Archive for the 'Speaking' Category

May 11 2011

How to Create a Voice with “Executive Presence”

Published by under Speaking,vocal image,vocal power

Having executive presence means being able to speak clearly, with authority, to anyone, including those you want to influence, whether your superior or your constituency.  Much of this comes from experience.  You feel more comfortable each time you are in a situation that challenges you to speak with authority to an authority figure. You feel stronger each time you get a good response from an audience.  But can you create a voice that sounds like a leader?

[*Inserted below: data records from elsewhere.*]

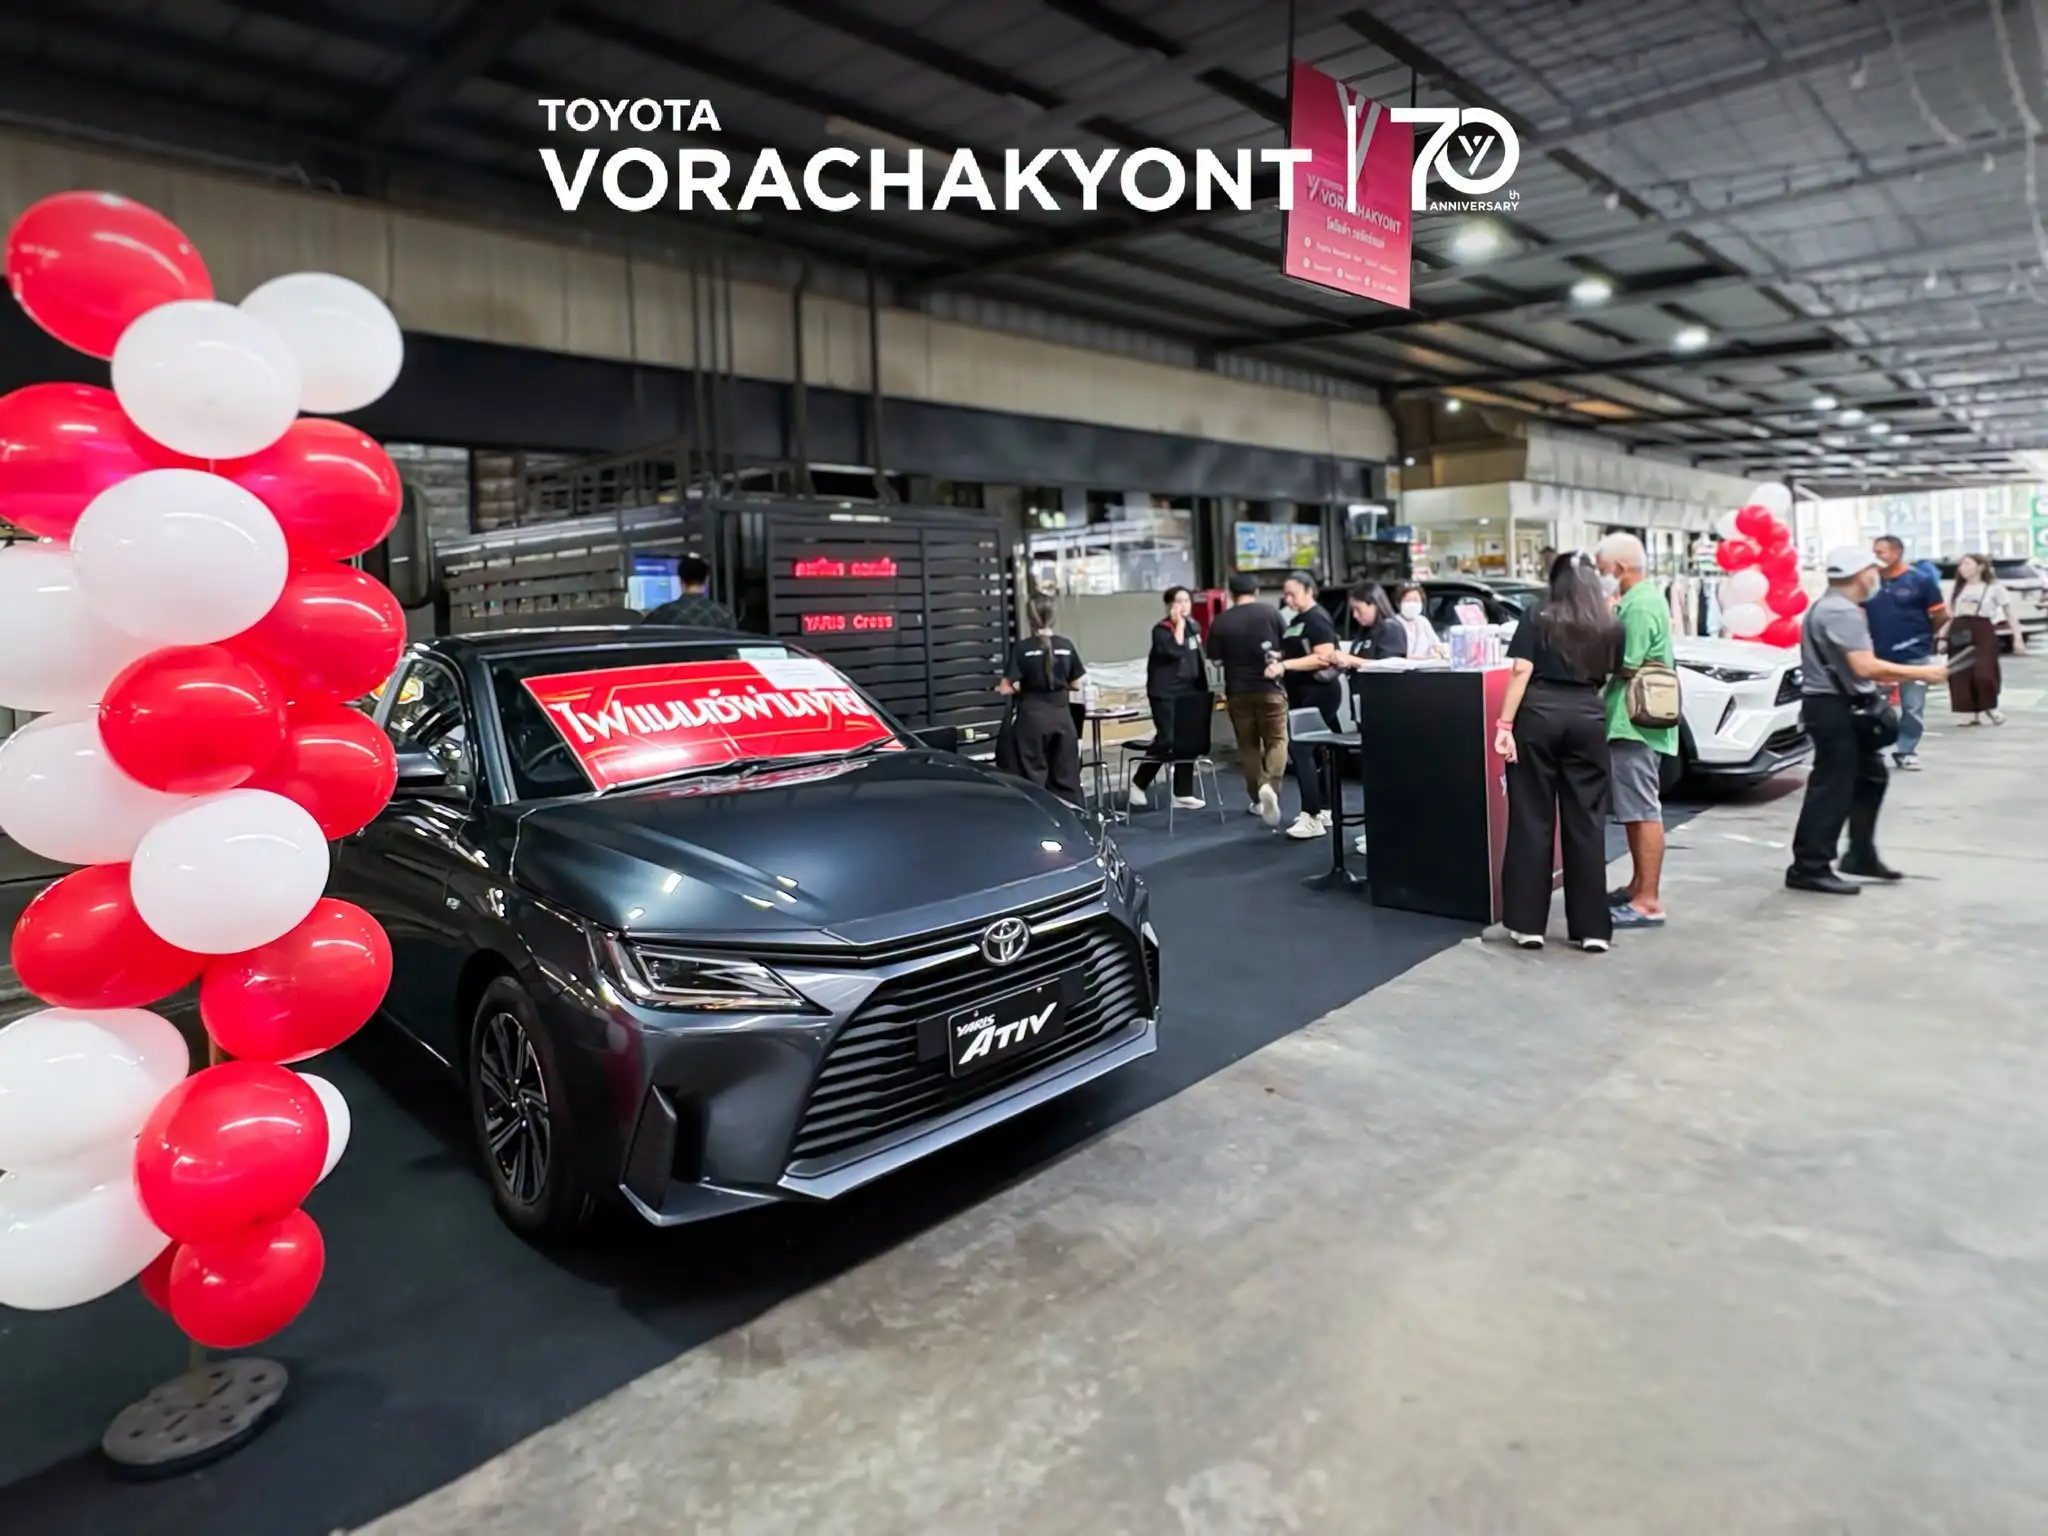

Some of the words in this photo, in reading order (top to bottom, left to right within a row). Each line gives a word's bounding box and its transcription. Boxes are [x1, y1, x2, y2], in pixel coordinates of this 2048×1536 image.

[1321, 187, 1403, 236] VORHAKYONT
[804, 615, 845, 632] YARIS
[852, 614, 892, 630] Cross
[956, 1013, 996, 1038] YARIS
[958, 1001, 1058, 1065] ATIV
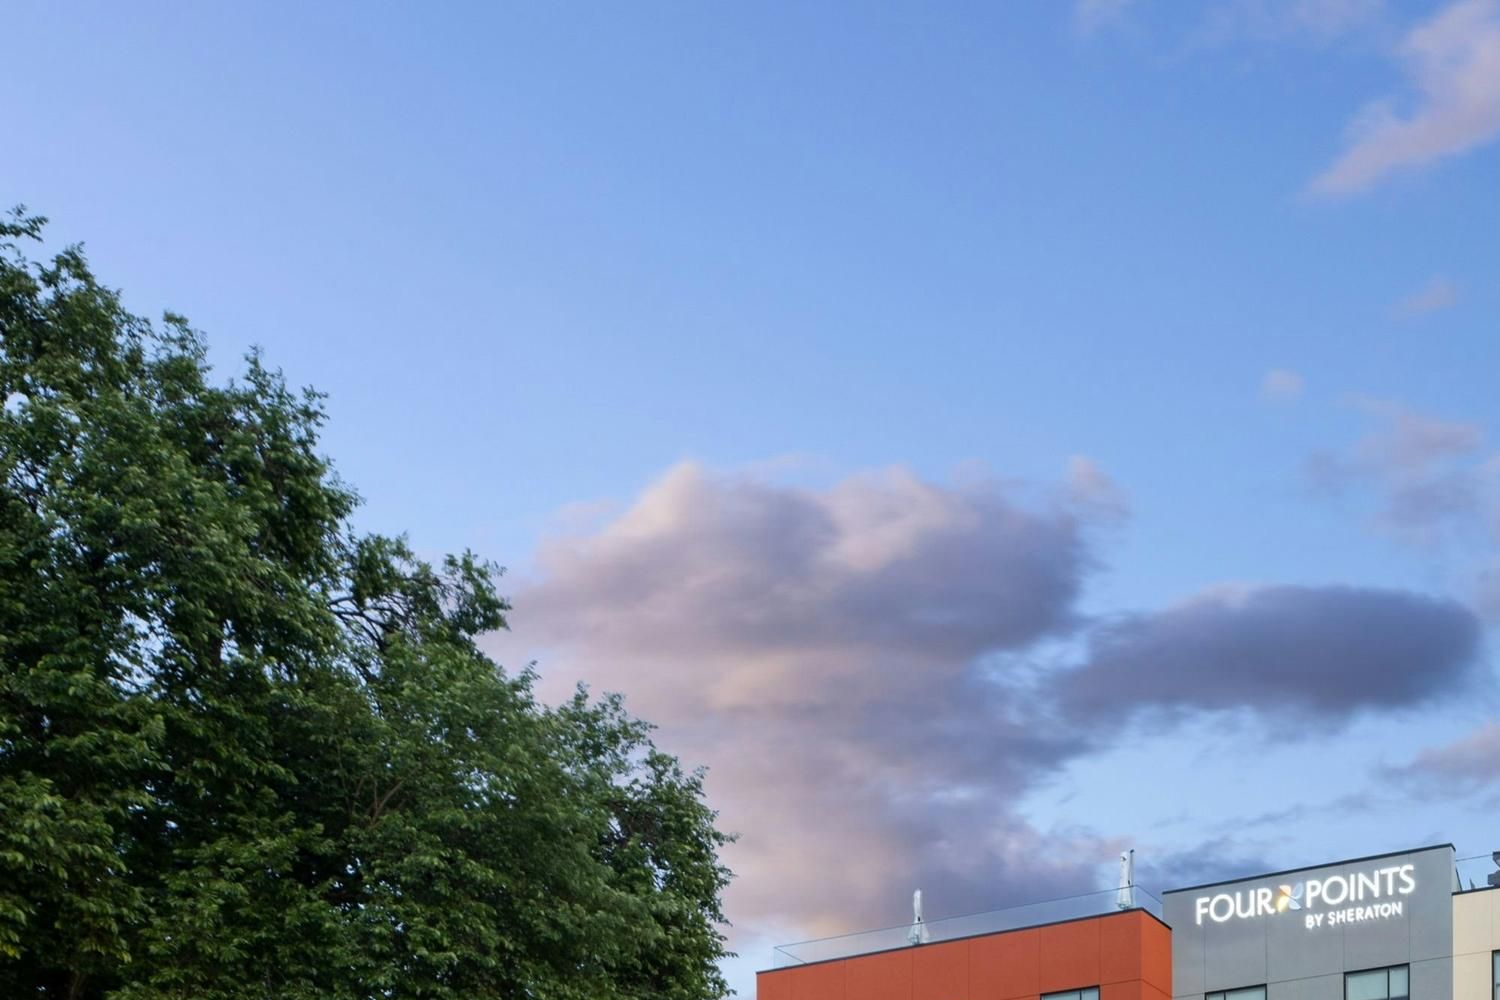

What is a leadership voice? Three characteristics of leadership are strength, confidence, and clarity.  Your voice reflects how you feel and think. It is the voice of the mind.  If you feel strong, confident and clear, you have more ability to sound that way.  But there are certainly things you can do to cultivate these characteristics in your voice.

Strength:
Physical
In an article called “Executive Presence,” communication experts, Jan and Neal Larsen Palmer, talk about the way leaders act and speak. They suggest a physical presence that says “leadership” and recommend that you “Command and expand the space around you.”  To do this, practice sitting or standing “tall,” with your chest lifted and abdomen free to breathe deeply.  When standing, keep yourself grounded on both feet, but with your weight slightly forward on the balls of your feet.  When seated, sit on the edge of your chair with both feet on the ground as if you are ready to get up out of the chair.  Let your arms be open rather than clinging to your body.

The sound of strength
Stress key words. Speak loudly and with energy, but avoid yelling. Let your passion show up in your sound by incorporating your breath into your voice. Here’s how:  Take your breath in deeply.  As you speak, “excite” the sound by using more air in your voice. The sound you are looking for is not a breathy voice, but, rather, an energetic sound.

Confidence:
What you say:
Make statements. Mix up your inflection so that you sound inquisitive and open, but end completed ideas with a downward cadence.  Avoid using filler words like “and,” “so,” or “but” to begin sentences.  Avoid hedging with “I guess,” “I believe,”” kind of” or “sort of. “  Smile and use humor.  Tell personal stories.  Be transparent and authentic.

How you say it:
Use expression to color your words.  Pitch your voice using mask resonance to amplify it and create an appealing tone.   Vary the intensity, duration, and volume to keep listeners engaged.

Clarity:
What you say:
Know your subject and be very clear about the intention driving your communication.  Why are you speaking and to whom?  What is your motivation., your purpose?  Use structures to organize thoughts and ideas.  Tell stories rather than just recite facts and figures, but use supporting data when necessary. And Daniel Pink  suggests that you “speak human,”  rather than use “businessese.”

How you say it:
Use pauses to allow others to fully digest your content.  Keep your pace at 140-150 words per minute.  Contrast ideas with new color at the beginning of a new idea, and when comparing statements or concepts.

Finally
Make a commitment. Get a commitment.  Ask for the close.  Give a good close. Give a call to action. Look them in the eye. Be present.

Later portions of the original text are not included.